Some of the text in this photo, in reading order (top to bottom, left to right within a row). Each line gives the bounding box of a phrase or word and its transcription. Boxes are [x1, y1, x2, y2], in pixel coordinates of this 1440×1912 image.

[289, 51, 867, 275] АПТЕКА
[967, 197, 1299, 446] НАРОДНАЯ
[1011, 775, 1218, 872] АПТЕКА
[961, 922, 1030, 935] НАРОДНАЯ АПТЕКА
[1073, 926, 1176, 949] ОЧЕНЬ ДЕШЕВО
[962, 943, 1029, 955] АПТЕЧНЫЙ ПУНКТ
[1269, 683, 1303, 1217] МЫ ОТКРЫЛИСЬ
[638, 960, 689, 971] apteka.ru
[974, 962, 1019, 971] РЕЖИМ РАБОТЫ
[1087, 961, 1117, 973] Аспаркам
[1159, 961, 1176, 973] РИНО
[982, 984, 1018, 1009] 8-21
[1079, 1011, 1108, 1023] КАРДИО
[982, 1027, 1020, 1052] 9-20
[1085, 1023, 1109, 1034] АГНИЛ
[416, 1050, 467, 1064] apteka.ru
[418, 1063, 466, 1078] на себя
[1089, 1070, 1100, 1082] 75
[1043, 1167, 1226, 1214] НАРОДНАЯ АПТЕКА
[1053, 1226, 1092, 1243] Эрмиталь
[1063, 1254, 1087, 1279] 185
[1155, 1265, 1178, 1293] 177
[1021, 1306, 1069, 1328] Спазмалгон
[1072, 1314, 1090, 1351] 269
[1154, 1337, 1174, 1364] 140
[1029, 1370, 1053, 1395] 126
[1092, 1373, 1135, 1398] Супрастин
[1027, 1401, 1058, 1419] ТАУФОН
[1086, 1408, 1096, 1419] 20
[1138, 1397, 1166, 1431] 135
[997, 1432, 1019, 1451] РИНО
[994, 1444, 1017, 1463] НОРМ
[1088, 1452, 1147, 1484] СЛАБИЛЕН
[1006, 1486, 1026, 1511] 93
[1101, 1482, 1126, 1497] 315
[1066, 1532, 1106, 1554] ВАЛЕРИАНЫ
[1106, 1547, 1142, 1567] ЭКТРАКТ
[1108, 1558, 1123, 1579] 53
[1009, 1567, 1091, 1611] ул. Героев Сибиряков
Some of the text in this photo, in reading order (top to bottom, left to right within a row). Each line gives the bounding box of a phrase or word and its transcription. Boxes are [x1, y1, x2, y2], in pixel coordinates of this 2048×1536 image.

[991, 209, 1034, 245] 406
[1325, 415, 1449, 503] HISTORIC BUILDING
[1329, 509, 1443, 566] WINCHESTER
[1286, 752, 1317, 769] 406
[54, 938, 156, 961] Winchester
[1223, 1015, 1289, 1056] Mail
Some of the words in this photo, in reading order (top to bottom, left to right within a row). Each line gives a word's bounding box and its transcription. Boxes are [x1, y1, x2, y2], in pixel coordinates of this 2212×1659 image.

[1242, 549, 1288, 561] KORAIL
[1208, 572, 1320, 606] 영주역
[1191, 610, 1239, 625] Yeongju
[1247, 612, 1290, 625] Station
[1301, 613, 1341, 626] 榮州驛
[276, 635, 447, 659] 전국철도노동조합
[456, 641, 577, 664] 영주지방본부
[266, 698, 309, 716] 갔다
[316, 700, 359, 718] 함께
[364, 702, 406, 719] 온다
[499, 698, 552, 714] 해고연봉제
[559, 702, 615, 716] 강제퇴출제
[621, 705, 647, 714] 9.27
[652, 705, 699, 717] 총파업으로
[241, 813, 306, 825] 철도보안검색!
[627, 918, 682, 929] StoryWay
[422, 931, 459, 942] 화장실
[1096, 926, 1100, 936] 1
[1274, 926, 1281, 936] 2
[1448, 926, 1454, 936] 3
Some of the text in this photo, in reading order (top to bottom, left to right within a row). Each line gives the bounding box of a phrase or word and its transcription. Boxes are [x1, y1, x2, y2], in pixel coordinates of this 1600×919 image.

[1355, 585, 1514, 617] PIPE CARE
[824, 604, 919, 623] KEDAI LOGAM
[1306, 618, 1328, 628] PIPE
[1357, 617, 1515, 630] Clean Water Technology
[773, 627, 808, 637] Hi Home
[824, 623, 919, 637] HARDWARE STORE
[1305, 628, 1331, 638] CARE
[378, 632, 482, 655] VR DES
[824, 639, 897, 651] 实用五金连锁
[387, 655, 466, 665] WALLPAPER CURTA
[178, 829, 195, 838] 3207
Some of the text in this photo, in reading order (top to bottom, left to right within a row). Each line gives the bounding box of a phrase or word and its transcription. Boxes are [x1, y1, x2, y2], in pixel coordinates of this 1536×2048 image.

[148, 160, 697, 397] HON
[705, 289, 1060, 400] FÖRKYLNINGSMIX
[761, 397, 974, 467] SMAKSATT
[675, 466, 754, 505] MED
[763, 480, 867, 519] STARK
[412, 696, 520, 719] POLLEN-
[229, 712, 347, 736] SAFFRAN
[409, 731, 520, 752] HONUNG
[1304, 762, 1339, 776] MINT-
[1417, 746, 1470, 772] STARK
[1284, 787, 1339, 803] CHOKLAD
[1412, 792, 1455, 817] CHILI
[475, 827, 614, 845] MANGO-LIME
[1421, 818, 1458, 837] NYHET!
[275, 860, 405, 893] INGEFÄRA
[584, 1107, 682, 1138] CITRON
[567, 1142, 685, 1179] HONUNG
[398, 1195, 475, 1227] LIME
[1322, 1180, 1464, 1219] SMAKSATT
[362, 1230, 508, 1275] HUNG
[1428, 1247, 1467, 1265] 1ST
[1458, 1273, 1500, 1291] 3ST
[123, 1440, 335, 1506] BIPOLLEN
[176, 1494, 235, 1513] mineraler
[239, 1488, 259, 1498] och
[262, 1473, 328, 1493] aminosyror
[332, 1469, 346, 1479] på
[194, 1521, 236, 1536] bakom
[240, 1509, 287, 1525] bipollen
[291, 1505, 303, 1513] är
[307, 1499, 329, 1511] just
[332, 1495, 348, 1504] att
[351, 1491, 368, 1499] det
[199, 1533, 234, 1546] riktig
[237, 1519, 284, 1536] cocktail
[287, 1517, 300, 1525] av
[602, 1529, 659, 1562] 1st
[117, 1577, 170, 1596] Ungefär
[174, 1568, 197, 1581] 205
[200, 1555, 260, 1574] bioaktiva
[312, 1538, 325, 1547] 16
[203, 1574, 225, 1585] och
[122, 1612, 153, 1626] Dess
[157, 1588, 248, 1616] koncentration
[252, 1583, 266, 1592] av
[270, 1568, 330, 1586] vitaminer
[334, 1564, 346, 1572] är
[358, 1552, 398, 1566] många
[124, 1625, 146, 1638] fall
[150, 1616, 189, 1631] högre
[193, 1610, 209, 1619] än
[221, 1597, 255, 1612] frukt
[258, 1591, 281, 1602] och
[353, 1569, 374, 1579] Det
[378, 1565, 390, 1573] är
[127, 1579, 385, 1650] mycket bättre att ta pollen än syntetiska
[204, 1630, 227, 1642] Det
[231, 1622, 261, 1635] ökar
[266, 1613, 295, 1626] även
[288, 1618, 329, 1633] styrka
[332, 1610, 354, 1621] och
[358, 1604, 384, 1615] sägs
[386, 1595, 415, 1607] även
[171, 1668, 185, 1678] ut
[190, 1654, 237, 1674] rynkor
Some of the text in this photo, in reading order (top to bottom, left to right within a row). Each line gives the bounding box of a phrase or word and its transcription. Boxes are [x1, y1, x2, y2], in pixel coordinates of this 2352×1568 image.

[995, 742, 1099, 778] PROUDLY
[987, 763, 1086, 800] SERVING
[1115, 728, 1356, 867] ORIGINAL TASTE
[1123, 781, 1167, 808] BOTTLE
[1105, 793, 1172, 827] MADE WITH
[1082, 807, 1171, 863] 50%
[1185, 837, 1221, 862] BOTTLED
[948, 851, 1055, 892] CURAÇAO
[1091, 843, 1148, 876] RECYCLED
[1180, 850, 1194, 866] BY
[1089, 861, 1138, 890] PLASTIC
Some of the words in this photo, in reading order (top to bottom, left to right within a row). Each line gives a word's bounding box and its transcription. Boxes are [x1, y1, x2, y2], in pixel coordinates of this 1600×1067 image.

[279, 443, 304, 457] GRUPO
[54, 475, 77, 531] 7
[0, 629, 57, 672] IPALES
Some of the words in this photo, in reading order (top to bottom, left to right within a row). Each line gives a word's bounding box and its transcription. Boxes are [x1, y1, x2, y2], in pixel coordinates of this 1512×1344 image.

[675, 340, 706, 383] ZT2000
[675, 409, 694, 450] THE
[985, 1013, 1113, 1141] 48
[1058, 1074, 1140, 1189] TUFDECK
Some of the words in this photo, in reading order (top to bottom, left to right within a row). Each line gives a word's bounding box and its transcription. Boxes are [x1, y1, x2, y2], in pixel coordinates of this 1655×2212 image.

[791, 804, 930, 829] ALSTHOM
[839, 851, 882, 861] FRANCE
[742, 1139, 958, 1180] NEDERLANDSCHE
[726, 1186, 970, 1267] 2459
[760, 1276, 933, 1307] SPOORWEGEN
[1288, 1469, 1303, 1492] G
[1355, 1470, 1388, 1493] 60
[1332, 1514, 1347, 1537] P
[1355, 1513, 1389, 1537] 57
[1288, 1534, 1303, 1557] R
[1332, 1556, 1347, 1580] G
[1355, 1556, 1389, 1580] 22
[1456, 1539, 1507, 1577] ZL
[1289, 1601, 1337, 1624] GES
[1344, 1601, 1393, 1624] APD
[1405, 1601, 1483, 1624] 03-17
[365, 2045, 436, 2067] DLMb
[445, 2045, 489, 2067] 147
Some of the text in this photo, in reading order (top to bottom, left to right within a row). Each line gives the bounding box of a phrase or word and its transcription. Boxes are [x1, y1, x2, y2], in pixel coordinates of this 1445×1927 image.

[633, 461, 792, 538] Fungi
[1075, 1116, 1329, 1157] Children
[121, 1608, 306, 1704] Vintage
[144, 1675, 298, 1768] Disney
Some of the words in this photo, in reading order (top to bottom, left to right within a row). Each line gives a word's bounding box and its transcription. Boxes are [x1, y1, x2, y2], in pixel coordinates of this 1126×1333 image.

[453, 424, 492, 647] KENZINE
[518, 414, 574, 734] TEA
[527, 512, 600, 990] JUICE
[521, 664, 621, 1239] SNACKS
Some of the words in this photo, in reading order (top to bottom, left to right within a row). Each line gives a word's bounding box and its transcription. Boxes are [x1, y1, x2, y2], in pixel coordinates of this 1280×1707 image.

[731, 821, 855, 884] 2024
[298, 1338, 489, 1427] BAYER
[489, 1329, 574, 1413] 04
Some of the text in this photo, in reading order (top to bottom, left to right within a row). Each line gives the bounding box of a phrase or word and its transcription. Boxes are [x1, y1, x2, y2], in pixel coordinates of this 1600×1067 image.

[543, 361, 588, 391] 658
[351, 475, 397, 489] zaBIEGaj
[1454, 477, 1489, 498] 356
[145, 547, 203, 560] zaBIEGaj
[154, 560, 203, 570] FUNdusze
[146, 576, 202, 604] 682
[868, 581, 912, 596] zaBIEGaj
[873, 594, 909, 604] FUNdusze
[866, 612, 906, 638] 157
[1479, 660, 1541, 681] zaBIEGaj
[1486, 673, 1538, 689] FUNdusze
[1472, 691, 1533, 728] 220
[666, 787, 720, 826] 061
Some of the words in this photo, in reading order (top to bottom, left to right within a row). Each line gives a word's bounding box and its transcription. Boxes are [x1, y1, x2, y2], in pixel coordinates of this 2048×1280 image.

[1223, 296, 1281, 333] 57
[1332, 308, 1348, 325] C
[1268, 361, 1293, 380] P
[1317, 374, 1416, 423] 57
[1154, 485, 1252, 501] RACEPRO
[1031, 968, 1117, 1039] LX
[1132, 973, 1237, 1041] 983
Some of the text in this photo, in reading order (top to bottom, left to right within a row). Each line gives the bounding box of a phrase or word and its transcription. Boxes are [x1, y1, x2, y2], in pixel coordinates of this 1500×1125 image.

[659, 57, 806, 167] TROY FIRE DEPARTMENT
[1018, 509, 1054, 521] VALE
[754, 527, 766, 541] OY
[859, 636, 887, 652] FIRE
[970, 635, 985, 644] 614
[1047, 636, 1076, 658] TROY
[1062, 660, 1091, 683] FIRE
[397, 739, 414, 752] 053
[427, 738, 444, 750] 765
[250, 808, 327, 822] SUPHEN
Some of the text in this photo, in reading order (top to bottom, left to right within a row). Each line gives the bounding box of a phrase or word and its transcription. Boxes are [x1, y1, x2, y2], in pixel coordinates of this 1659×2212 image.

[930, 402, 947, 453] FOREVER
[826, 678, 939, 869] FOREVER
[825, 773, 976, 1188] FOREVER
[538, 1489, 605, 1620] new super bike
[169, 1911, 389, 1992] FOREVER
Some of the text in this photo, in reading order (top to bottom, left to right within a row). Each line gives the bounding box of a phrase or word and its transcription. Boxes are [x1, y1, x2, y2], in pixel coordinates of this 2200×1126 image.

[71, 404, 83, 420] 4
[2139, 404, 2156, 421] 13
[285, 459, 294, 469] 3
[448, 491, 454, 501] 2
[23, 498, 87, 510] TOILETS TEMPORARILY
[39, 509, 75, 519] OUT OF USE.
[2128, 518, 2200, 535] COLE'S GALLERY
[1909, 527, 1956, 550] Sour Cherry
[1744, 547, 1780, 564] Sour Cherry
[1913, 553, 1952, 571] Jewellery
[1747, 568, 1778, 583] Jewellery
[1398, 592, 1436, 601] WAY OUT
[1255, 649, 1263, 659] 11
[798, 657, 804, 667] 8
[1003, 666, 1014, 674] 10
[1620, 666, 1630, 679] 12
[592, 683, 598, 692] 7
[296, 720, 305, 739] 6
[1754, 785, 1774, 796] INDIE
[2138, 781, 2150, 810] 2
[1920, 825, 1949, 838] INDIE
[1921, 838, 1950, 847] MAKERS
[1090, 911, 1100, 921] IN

Problem: Print nothing but the lines from the one that contains "this 2200×1126 image." to the final line of the data, both included, exactly as they read.

Expected answer:
Some of the text in this photo, in reading order (top to bottom, left to right within a row). Each line gives the bounding box of a phrase or word and its transcription. Boxes are [x1, y1, x2, y2], in pixel coordinates of this 2200×1126 image.

[71, 404, 83, 420] 4
[2139, 404, 2156, 421] 13
[285, 459, 294, 469] 3
[448, 491, 454, 501] 2
[23, 498, 87, 510] TOILETS TEMPORARILY
[39, 509, 75, 519] OUT OF USE.
[2128, 518, 2200, 535] COLE'S GALLERY
[1909, 527, 1956, 550] Sour Cherry
[1744, 547, 1780, 564] Sour Cherry
[1913, 553, 1952, 571] Jewellery
[1747, 568, 1778, 583] Jewellery
[1398, 592, 1436, 601] WAY OUT
[1255, 649, 1263, 659] 11
[798, 657, 804, 667] 8
[1003, 666, 1014, 674] 10
[1620, 666, 1630, 679] 12
[592, 683, 598, 692] 7
[296, 720, 305, 739] 6
[1754, 785, 1774, 796] INDIE
[2138, 781, 2150, 810] 2
[1920, 825, 1949, 838] INDIE
[1921, 838, 1950, 847] MAKERS
[1090, 911, 1100, 921] IN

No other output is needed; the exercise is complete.